STF barra modificações na ficha limpa que reduzem inelegibilidade


ministros luiz fux e cármen lúcia votam contra mudanças no prazo de inelegibilidade na lei da ficha limpa, sinalizando retrocesso na moralidade política

stf barra modificacoes na ficha limpa que reduzem inelegibilidade
Ministra Cármen Lúcia ao lado dos ministros Gilmar Mendes, Luiz Fux e Edson Fachin. Foto: Nelson Jr

STF registra votos contrários à redução do prazo de inelegibilidade na Lei da Ficha Limpa, ameaçando alterações aprovadas pelo Congresso.

STF rejeita mudanças na ficha limpa que reduzem inelegibilidade

O Supremo Tribunal Federal (STF) iniciou o julgamento no plenário virtual da questão envolvendo a redução de inelegibilidade na Lei da Ficha Limpa, uma medida aprovada recentemente pelo Congresso Nacional. Os ministros Luiz Fux e Cármen Lúcia manifestaram-se contrariamente às alterações, que modificam a contagem do prazo de inelegibilidade para políticos condenados, estabelecendo um teto máximo e iniciando a contagem a partir da condenação pelo órgão colegiado ou da decisão que determina a perda do cargo eletivo.

Impactos das mudanças na lei sobre a inelegibilidade dos políticos condenados

A redução de inelegibilidade na Lei da Ficha Limpa tem provocado forte debate jurídico e político.
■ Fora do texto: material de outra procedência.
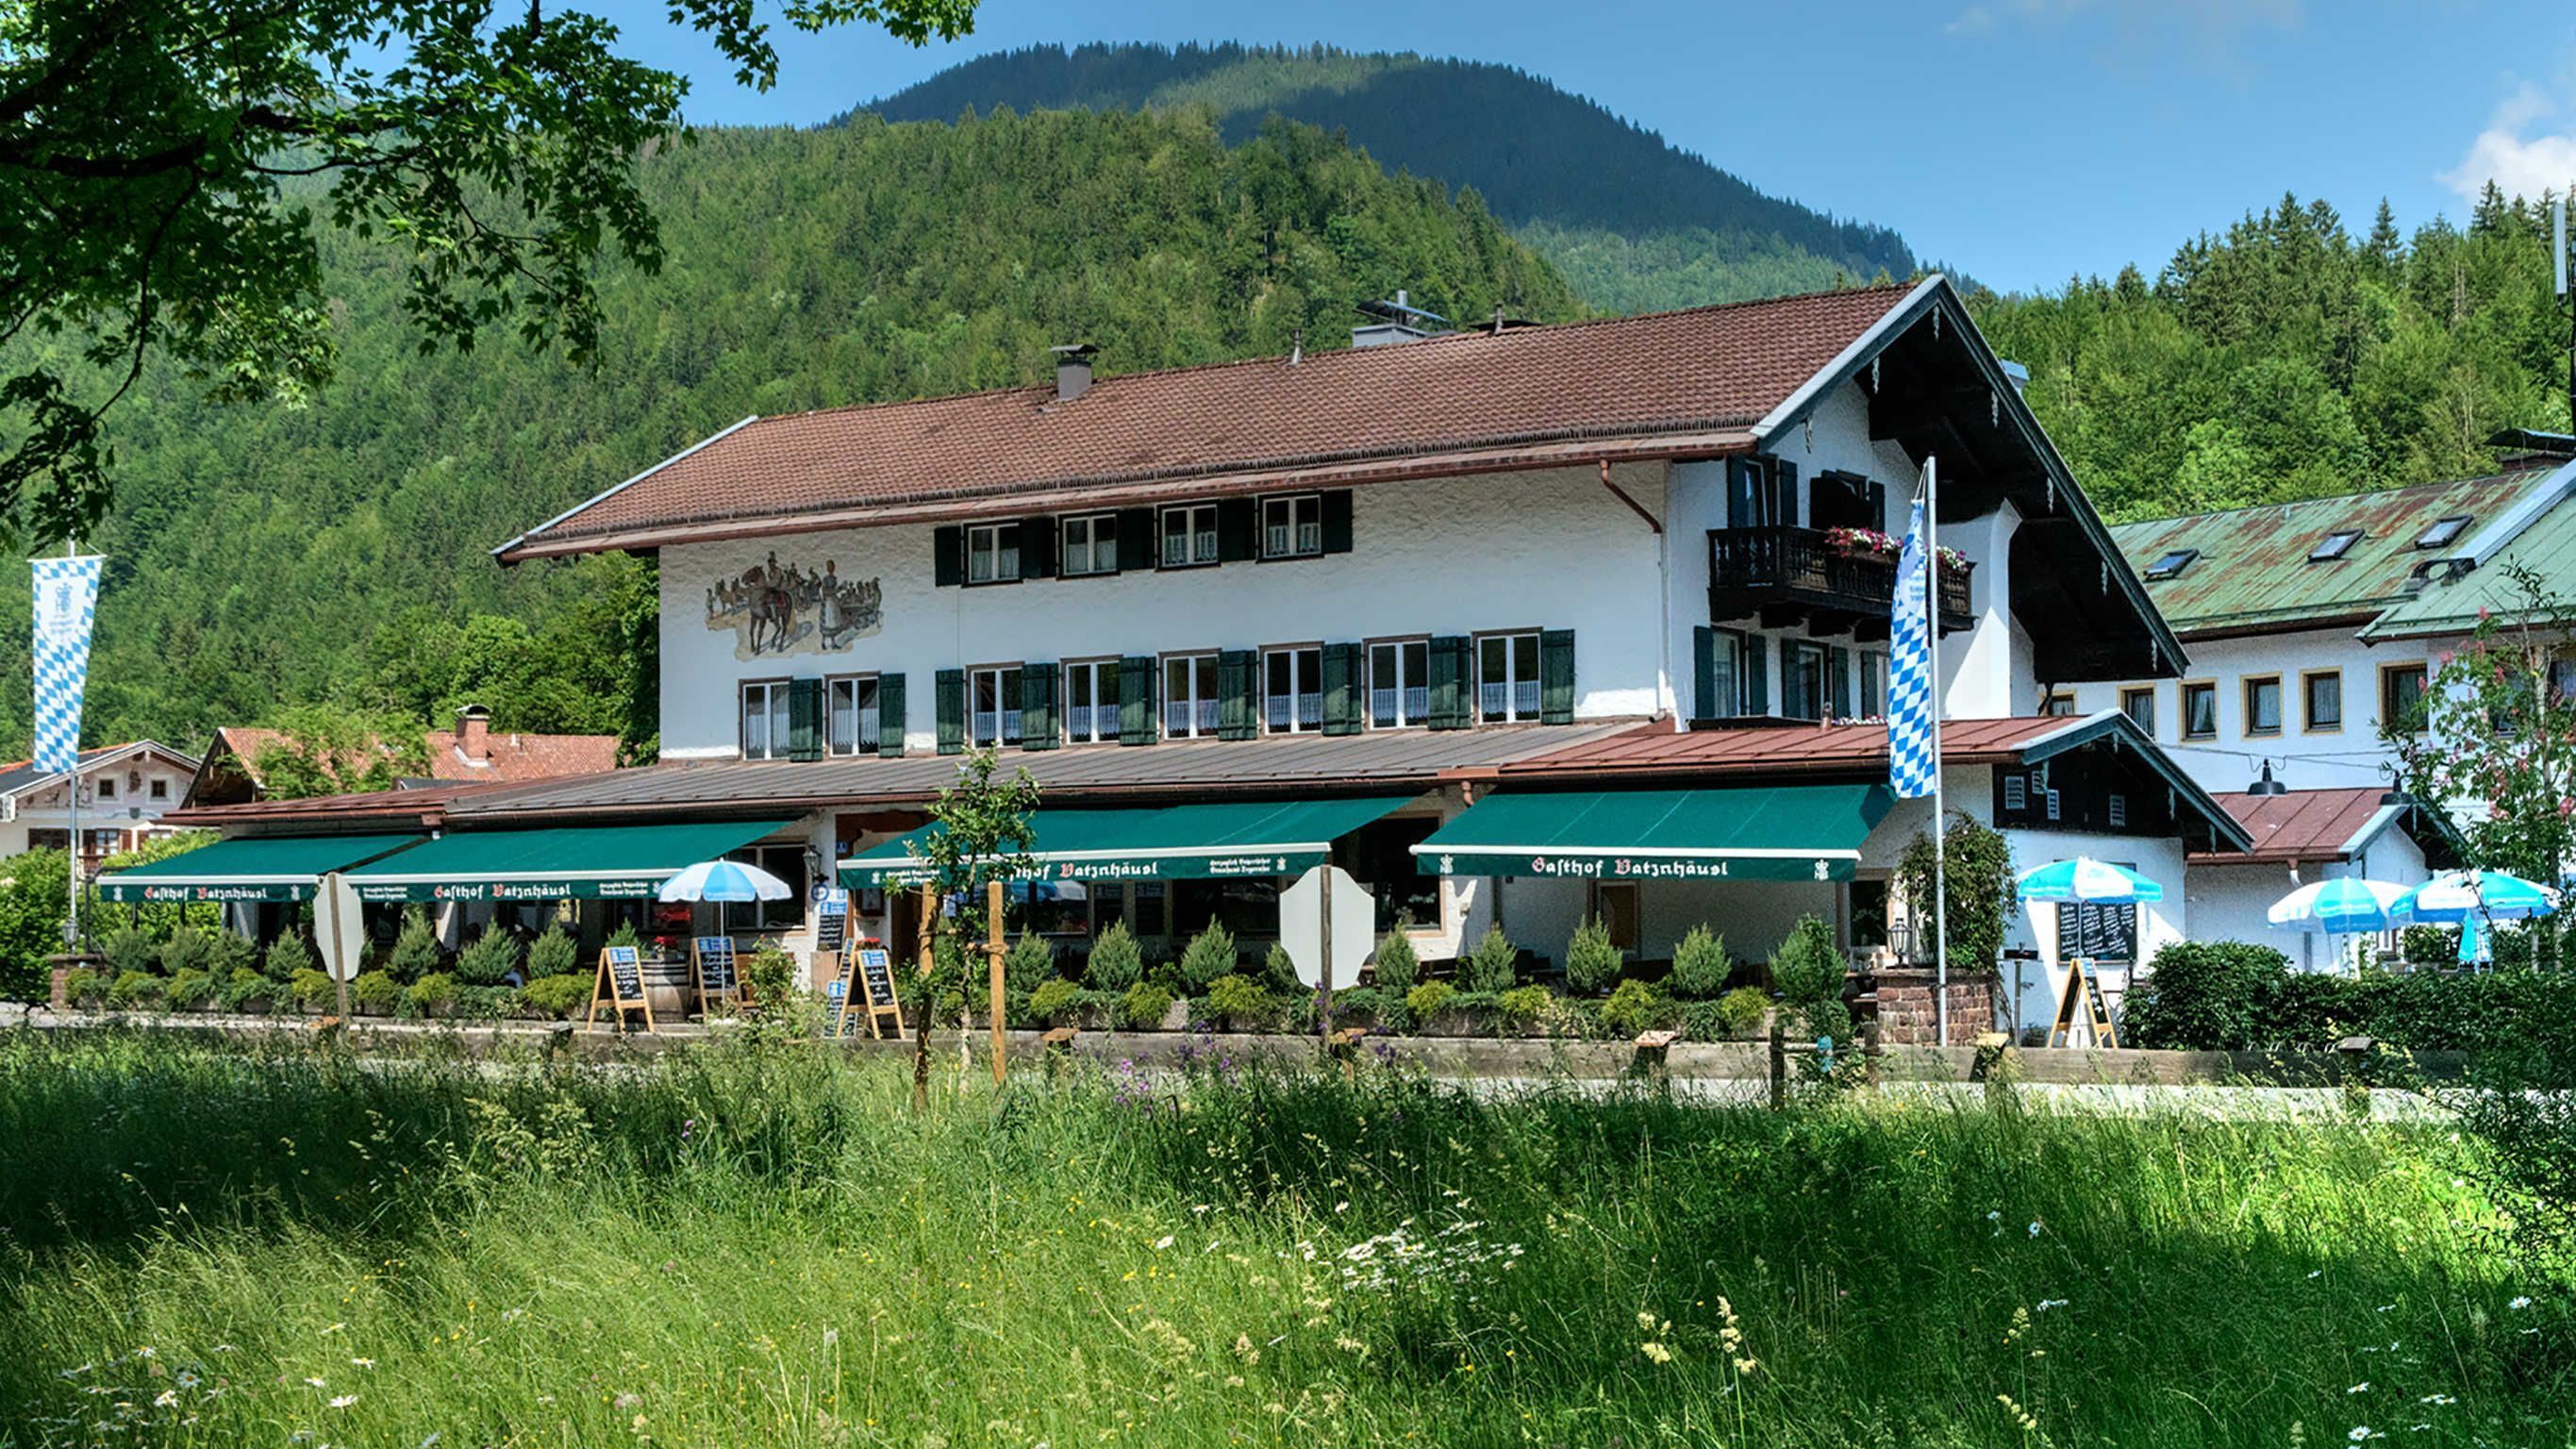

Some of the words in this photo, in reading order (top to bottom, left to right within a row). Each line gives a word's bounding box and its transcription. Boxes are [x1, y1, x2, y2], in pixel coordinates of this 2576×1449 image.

Segundo a ministra Cármen Lúcia, as modificações representam um retrocesso institucional, pois esvaziam a proteção da moralidade e da probidade administrativa. Ao permitir que o prazo de inelegibilidade possa ser menor que o cumprimento da pena, a lei abre brecha para que condenados retomem seus direitos políticos antes do esperado, criando um “limbo normativo” que pode funcionar como salvo-conduto para futuras práticas ilícitas.

Argumentos centrais do voto dos ministros Luiz Fux e Cármen Lúcia

No voto acompanhado por Luiz Fux, Cármen Lúcia ressaltou que a aplicação da nova regra compromete a lisura do processo eleitoral, ao desproteger o sistema contra candidaturas que descumprem normas constitucionais e legais. Para a ministra, a inelegibilidade não pode ser relativizada a ponto de favorecer políticos que tenham violações comprovadas, sob risco de gerar impunidade e enfraquecer a confiança do eleitorado na integridade das eleições.

Controvérsia sobre a contagem do prazo de inelegibilidade e seus efeitos práticos

A polêmica reside na mudança do marco inicial do prazo de inelegibilidade, que antes começava a contar após o cumprimento total da pena e agora pode iniciar na condenação pelo órgão colegiado. Esse ajuste reduz significativamente o tempo de afastamento das urnas, limitando-o a um teto de 12 anos, mesmo quando as penas decorrentes de múltiplas condenações se acumulam. Tal alteração pode beneficiar políticos como Anthony Garotinho, Eduardo Cunha e José Roberto Arruda, cujas candidaturas estão em risco por conta da inelegibilidade.

Desafios jurídicos e sociais diante das alterações na Lei da Ficha Limpa

A Advocacia-Geral da União (AGU) defende que as mudanças aprimoram a racionalidade do sistema, enquanto a Procuradoria-Geral da República (PGR) aponta inconstitucionalidades em trechos específicos, como a contagem concomitante dos períodos de inelegibilidade e as limitações na revisão das causas de inelegibilidade após o registro da candidatura. Entidades civis que atuam como amicus curiae também manifestam preocupação com o enfraquecimento das salvaguardas contra a corrupção e a deterioração da integridade eleitoral.

A decisão do STF sobre a redução de inelegibilidade na Lei da Ficha Limpa terá repercussões profundas no cenário político brasileiro, afetando a elegibilidade de figuras públicas e a percepção da sociedade quanto à transparência e justiça do processo eleitoral.